WORK ITEM >>
Repeat the listing exactly. The images do not belong in the copy.

DATA IN THIS EXERCISE >>
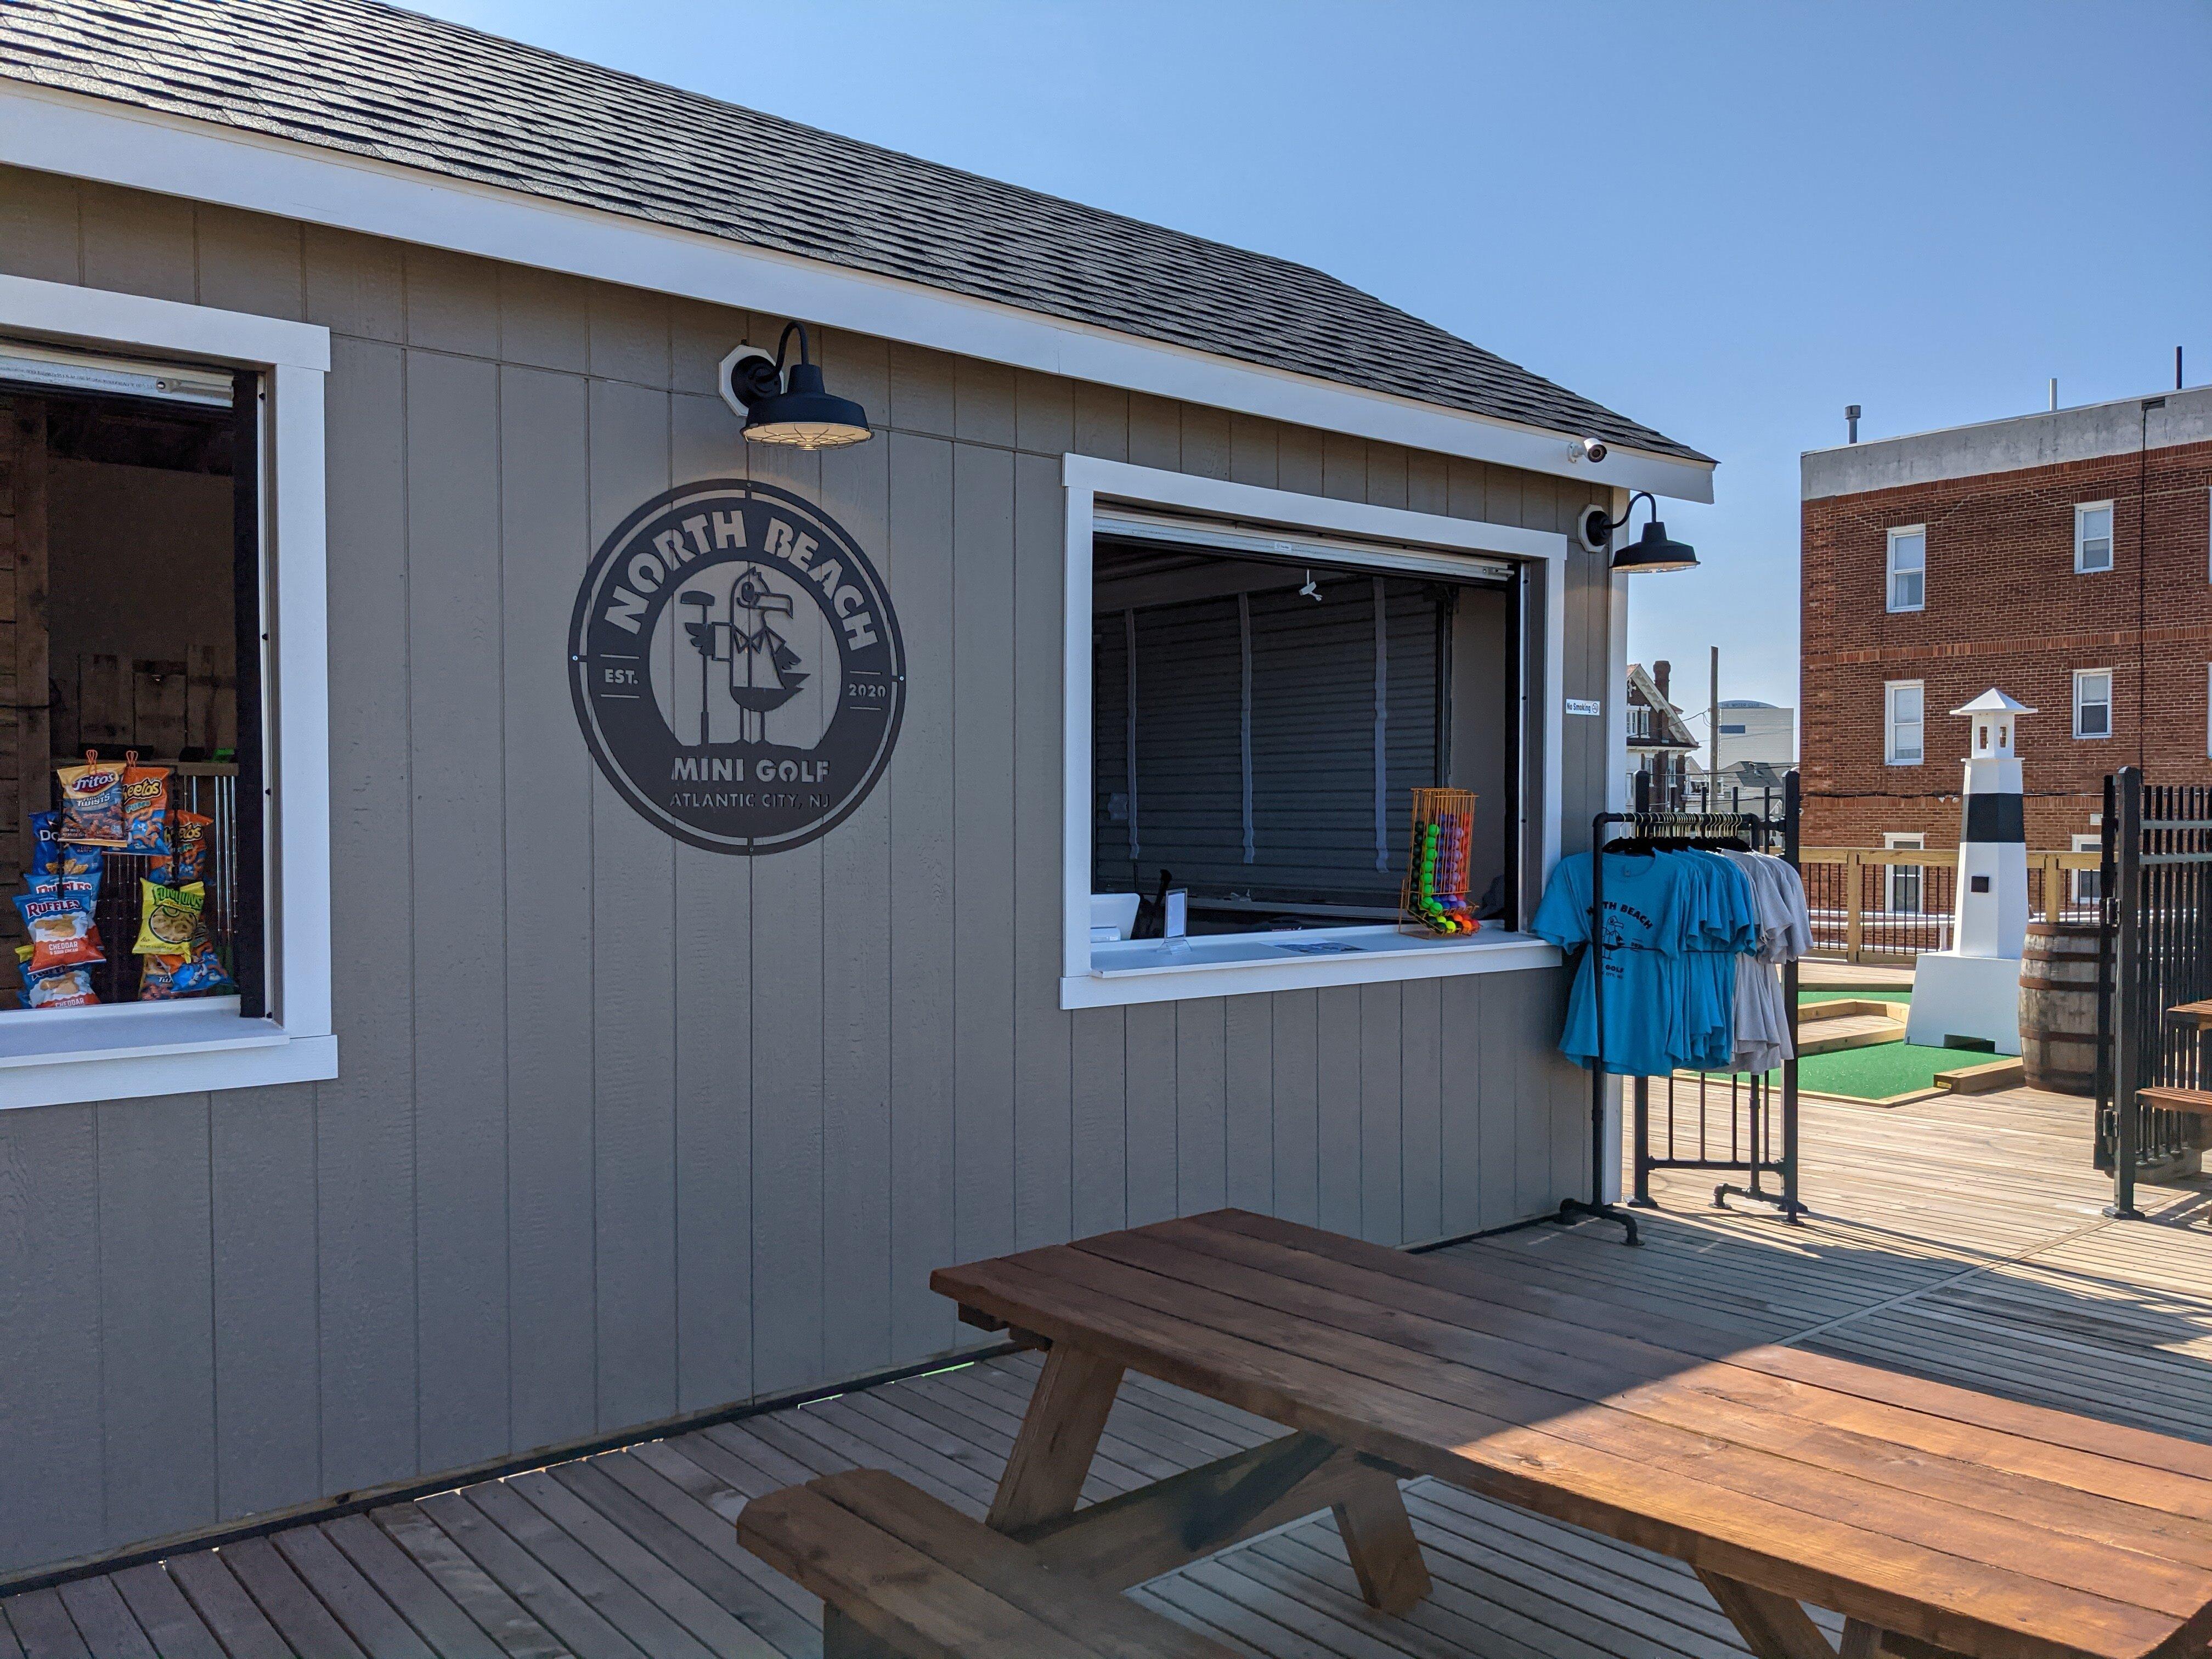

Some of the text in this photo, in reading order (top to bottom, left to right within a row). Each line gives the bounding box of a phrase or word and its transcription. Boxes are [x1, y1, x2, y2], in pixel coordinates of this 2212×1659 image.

[604, 510, 878, 651] NORTH BEACH
[605, 668, 639, 685] EST.
[849, 683, 887, 698] 2020
[1567, 702, 1591, 713] No Smoking
[671, 757, 830, 782] MINI GOLF
[669, 792, 830, 810] ATLANTIC CITY, NJ
[153, 885, 204, 909] FUNYUNS
[27, 900, 81, 918] RUFFLES
[1620, 904, 1654, 930] BEACH
[49, 941, 78, 950] CHEDDAR
[1605, 964, 1624, 973] GOLF
[55, 997, 84, 1007] CHEDDAR

TASK RESULT >>
Some of the text in this photo, in reading order (top to bottom, left to right within a row). Each line gives the bounding box of a phrase or word and its transcription. Boxes are [x1, y1, x2, y2], in pixel coordinates of this 2212×1659 image.

[604, 510, 878, 651] NORTH BEACH
[605, 668, 639, 685] EST.
[849, 683, 887, 698] 2020
[1567, 702, 1591, 713] No Smoking
[671, 757, 830, 782] MINI GOLF
[669, 792, 830, 810] ATLANTIC CITY, NJ
[153, 885, 204, 909] FUNYUNS
[27, 900, 81, 918] RUFFLES
[1620, 904, 1654, 930] BEACH
[49, 941, 78, 950] CHEDDAR
[1605, 964, 1624, 973] GOLF
[55, 997, 84, 1007] CHEDDAR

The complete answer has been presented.